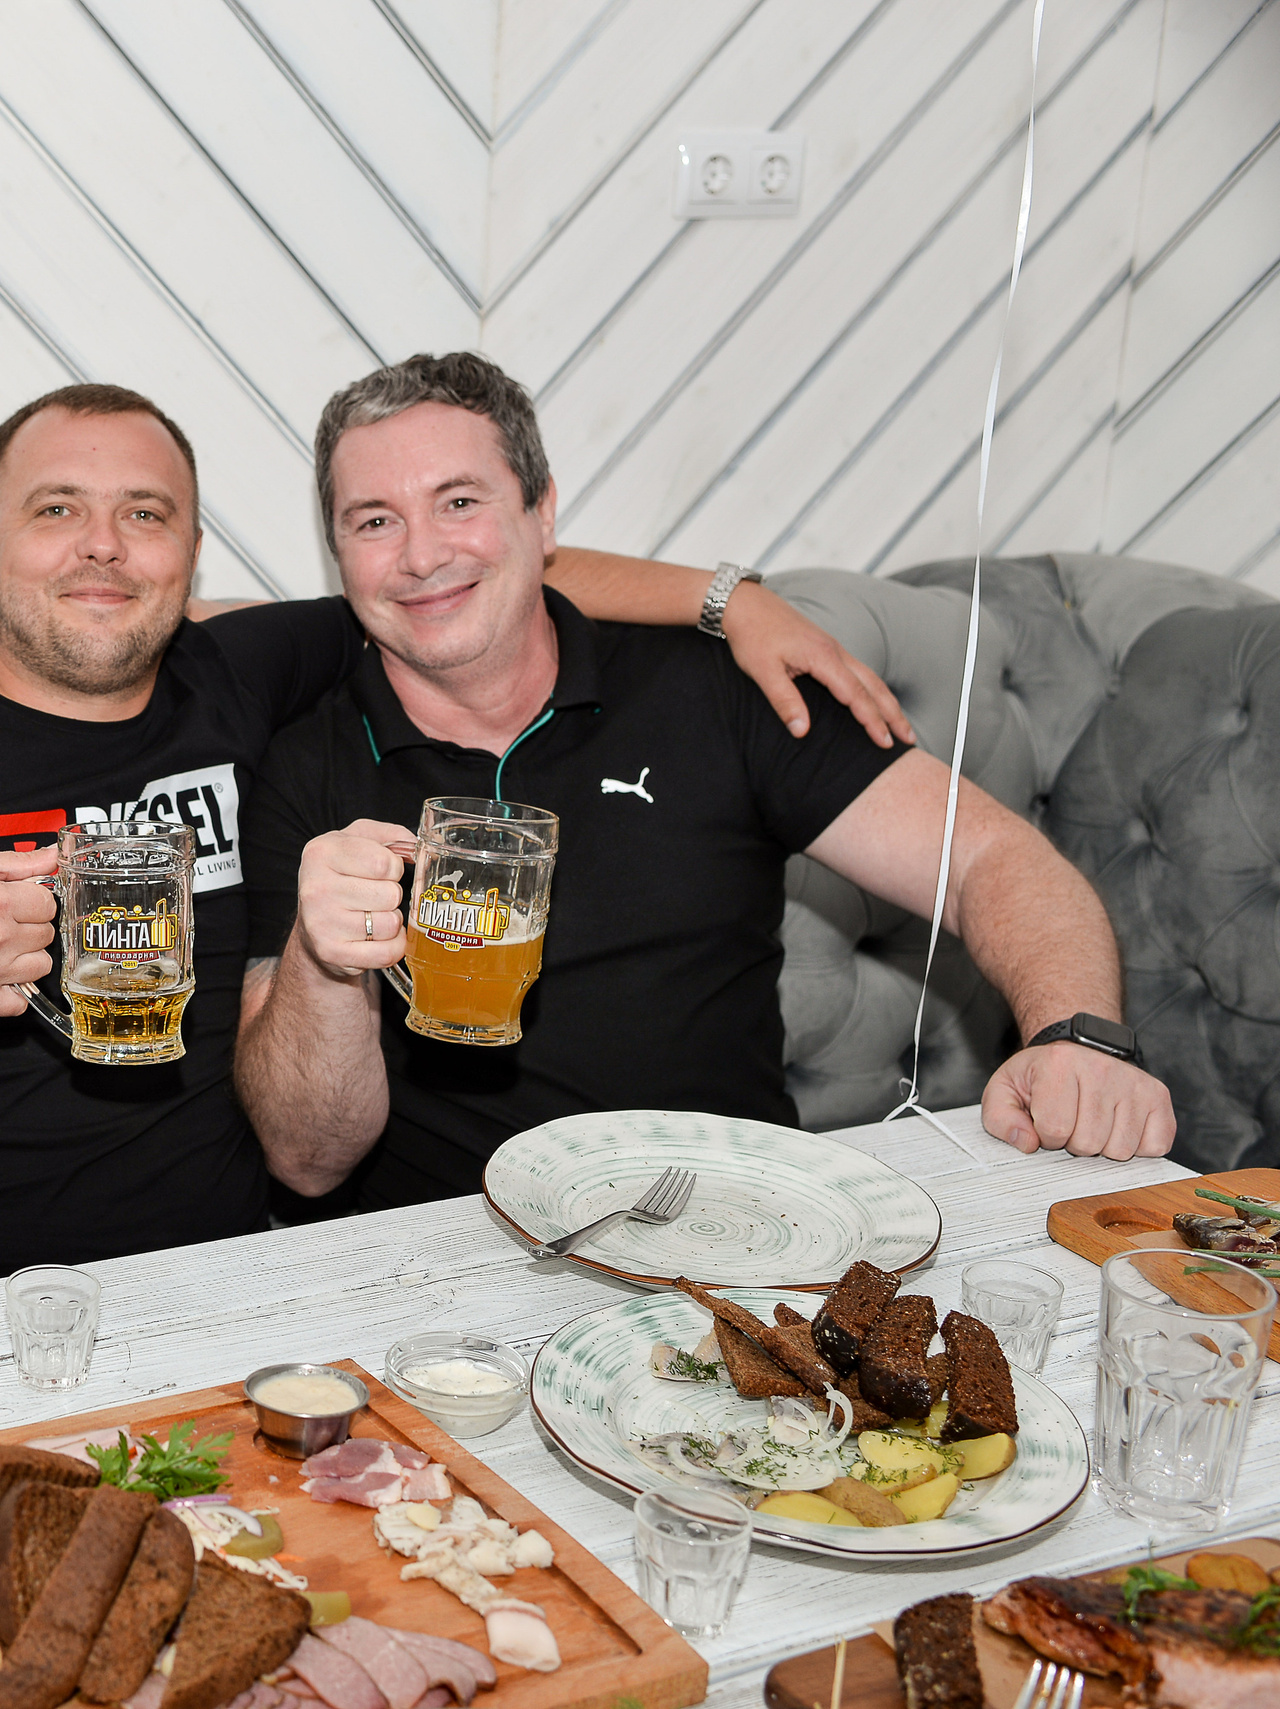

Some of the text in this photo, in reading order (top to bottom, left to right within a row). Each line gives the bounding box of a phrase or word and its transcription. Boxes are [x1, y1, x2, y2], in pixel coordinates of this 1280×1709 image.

[207, 859, 237, 874] LIVING
[418, 898, 477, 933] ПИНТА
[86, 921, 151, 949] ПИНТА
[431, 930, 478, 945] пивоварня

--

Work to complete.
Pictures don't belong in the copy. Restate all the entries exactly.

Written response.
Some of the text in this photo, in reading order (top to bottom, left to right within a row). Each line gives the bounding box of a phrase or word and its transcription. Boxes are [x1, y1, x2, y2], in pixel coordinates of this 1280×1709 image.

[207, 859, 237, 874] LIVING
[418, 898, 477, 933] ПИНТА
[86, 921, 151, 949] ПИНТА
[431, 930, 478, 945] пивоварня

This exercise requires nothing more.